A tender smile curved his lips as he brushed the thick hair cascading over her shoulder. “It’s never mattered to anyone before. I don’t understand why it should matter now.”
She regarded this nonsense patiently. “You know better than that. You’ve always mattered to me. Now, promise me you won’t do anything foolish. I don’t know what you’re up to, but I’d rather have you alive than anything else that I can think of.”
And strangely enough, Cash believed her. Laura had been the one to help him when no one else would, even when she was a little girl. She had been the one running at his heels when scarcely a soul would speak to him.
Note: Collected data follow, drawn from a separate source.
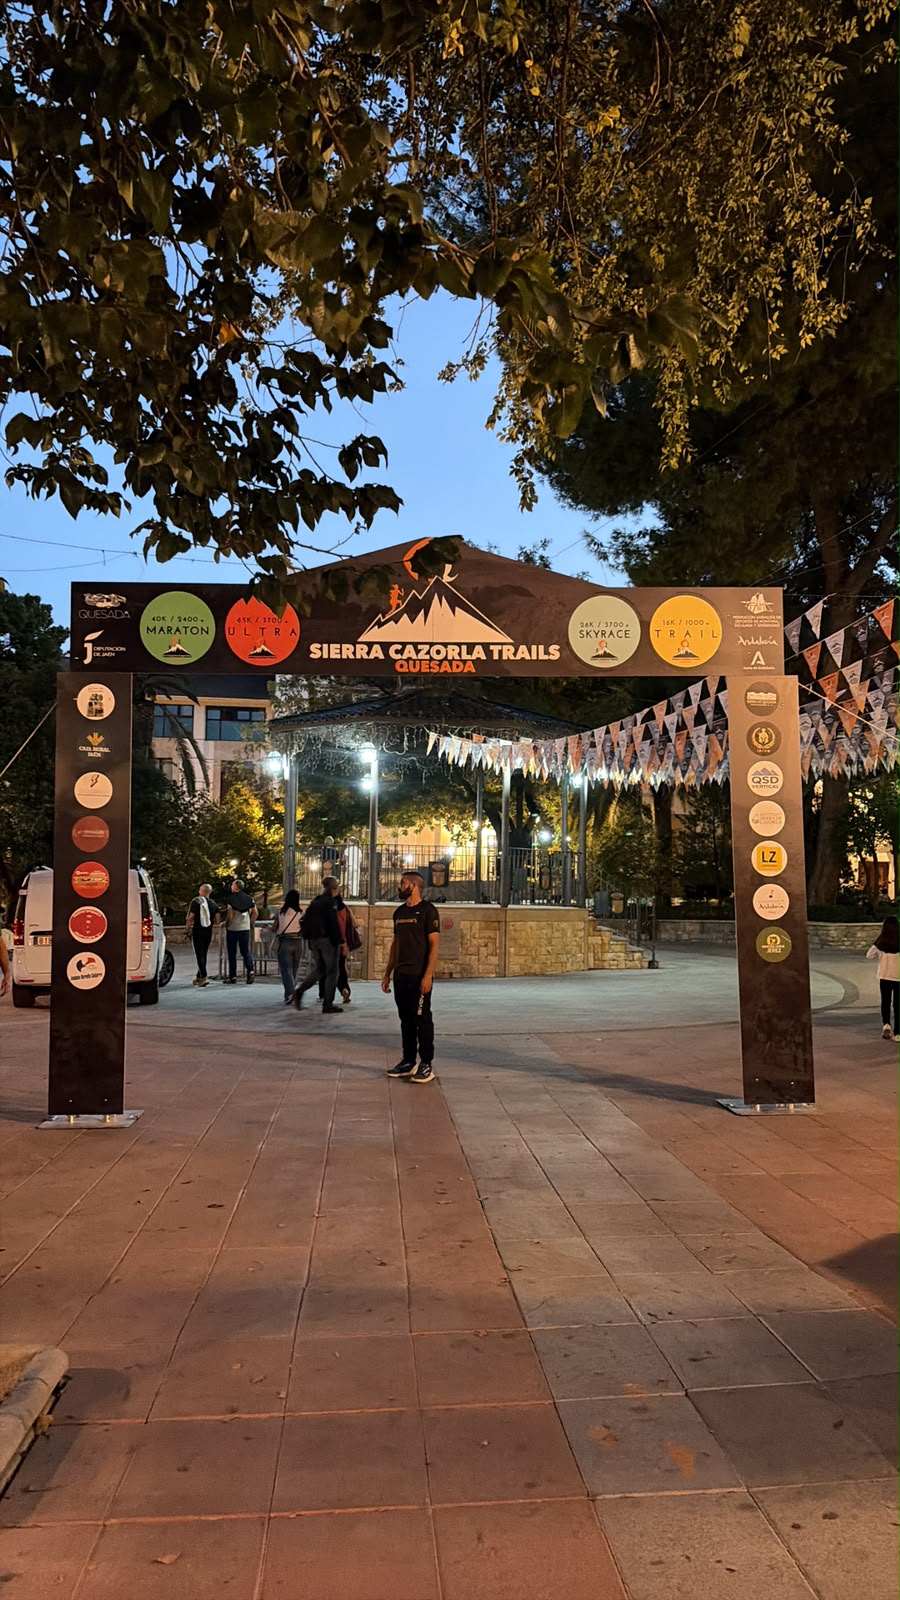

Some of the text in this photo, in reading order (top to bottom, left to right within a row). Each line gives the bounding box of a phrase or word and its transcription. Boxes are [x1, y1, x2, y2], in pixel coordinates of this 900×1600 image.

[79, 609, 131, 619] QUESADA
[151, 615, 167, 623] 40K
[146, 625, 209, 635] MARATON
[227, 627, 297, 636] ULTRA
[578, 629, 631, 639] SKYRACE
[654, 629, 718, 638] TRAIL
[309, 643, 561, 661] SIERRA CAZORLA TRAILS
[395, 660, 476, 673] QUESADA
[751, 776, 779, 784] QSD
[761, 850, 777, 863] LZ
Even now, she was the one who stood at his side when others turned their backs, who tended his needs when those who should have refused their duties. He found her devotion hard to believe, and he had denied it for years. But he would have to be the greatest fool alive to deny it now.
“I really think you mean that, pequeña.” Cash caressed Laura’s face with the back of his finger, enjoying the look of concern meant just for him. It was a rather heady sensation, this caring and being cared for. It might take time to get used to. “And I’m not planning on getting myself killed. This time, I mean to be around to watch you grow round if I’ve planted something here.” His hand moved to cover her abdomen.
Those were the words she evidently wanted to hear. Laura smiled and leaned back against the pillow, and Cash watched her until she slept, warming his hand against her belly.
He really did mean what he said, but he also knew life was full of uncertainties. What he was aiming to do was not conducive to a permanent existence in this world, despite his promise. He kissed Laura’s nose and swung from the bed.
He’d just have to make certain he killed Marshall Brown before Brown could kill him.